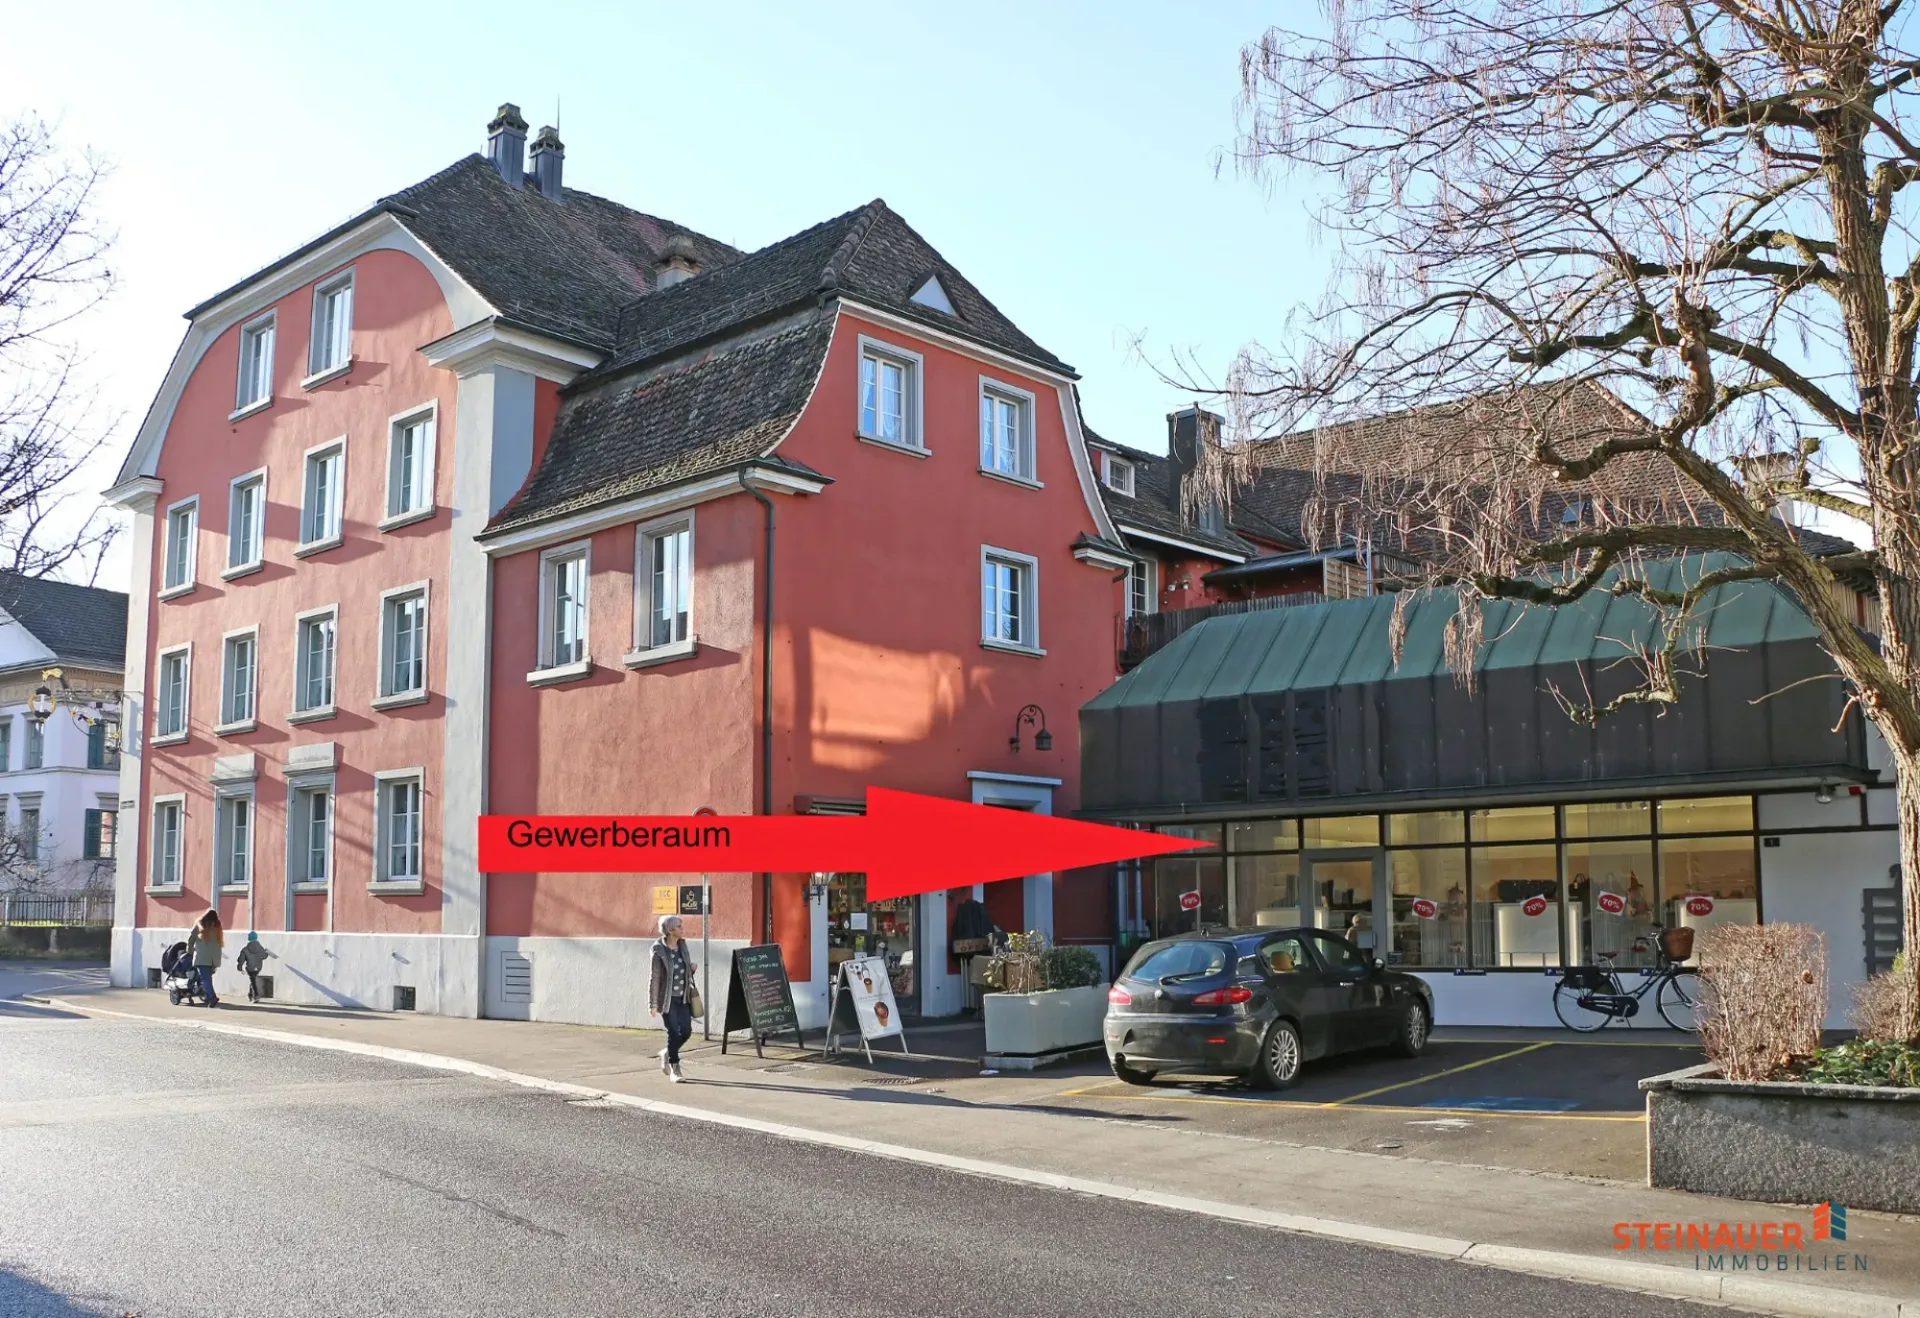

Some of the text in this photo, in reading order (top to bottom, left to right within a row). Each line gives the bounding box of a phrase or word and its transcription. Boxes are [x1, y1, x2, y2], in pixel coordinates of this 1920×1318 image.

[1416, 903, 1433, 914] 70%
[1526, 901, 1544, 912] 70%
[1602, 898, 1620, 909] 70%
[1690, 903, 1710, 911] 70%
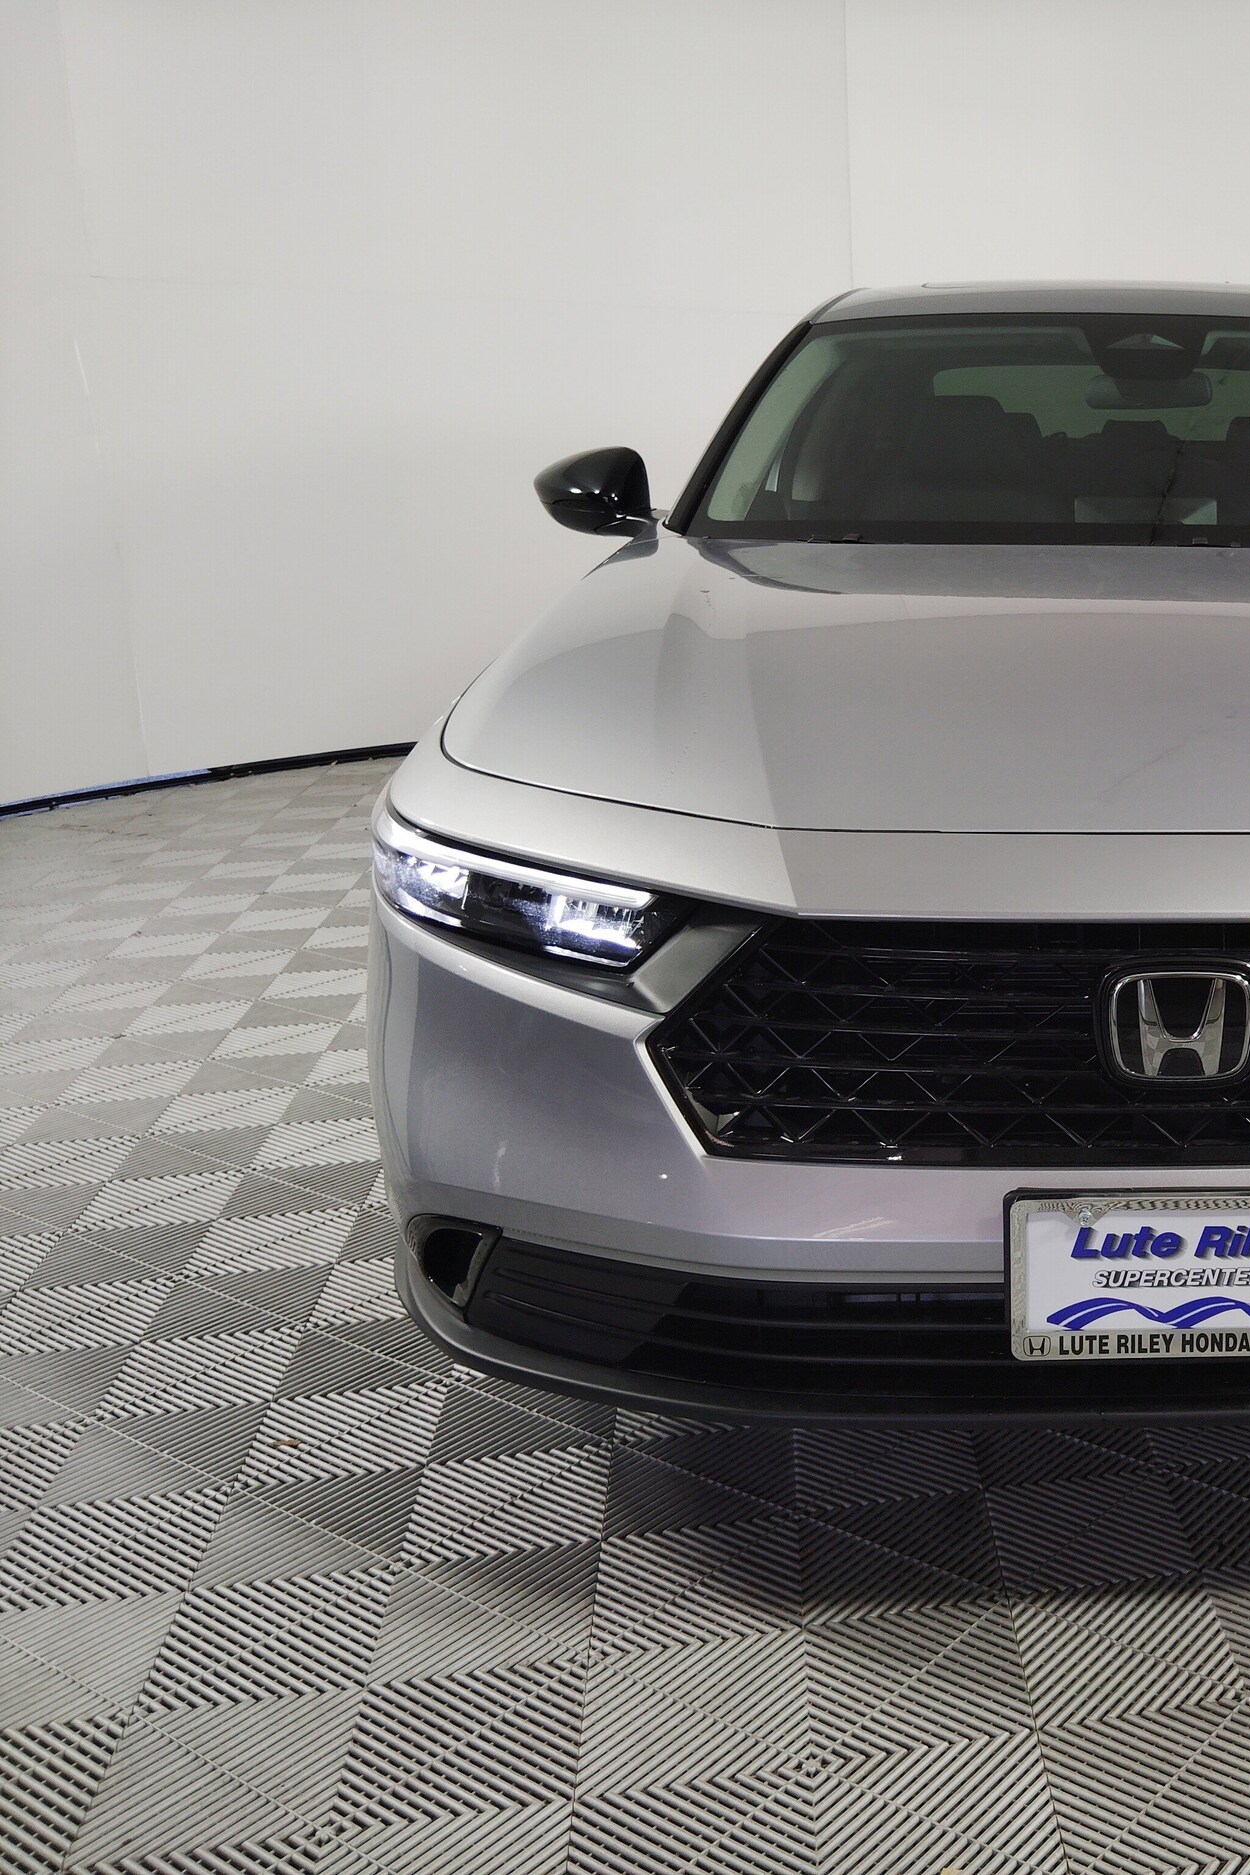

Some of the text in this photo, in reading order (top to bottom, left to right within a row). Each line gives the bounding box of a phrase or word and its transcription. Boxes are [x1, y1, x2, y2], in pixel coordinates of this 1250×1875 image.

◆ Goal of the exercise: Transcribe each entry precisely as given, leaving the pictures out.

◆ Result for this task:
Some of the text in this photo, in reading order (top to bottom, left to right within a row). Each line gives the bounding box of a phrase or word and its transcription. Boxes are [x1, y1, x2, y2], in pixel coordinates of this 1920×1318 image.

[1416, 903, 1433, 914] 70%
[1526, 901, 1544, 912] 70%
[1602, 898, 1620, 909] 70%
[1690, 903, 1710, 911] 70%

Some of the text in this photo, in reading order (top to bottom, left to right within a row). Each line gives the bounding box of a phrase or word and its transcription. Boxes are [x1, y1, x2, y2], in pixel coordinates of this 1250×1875 image.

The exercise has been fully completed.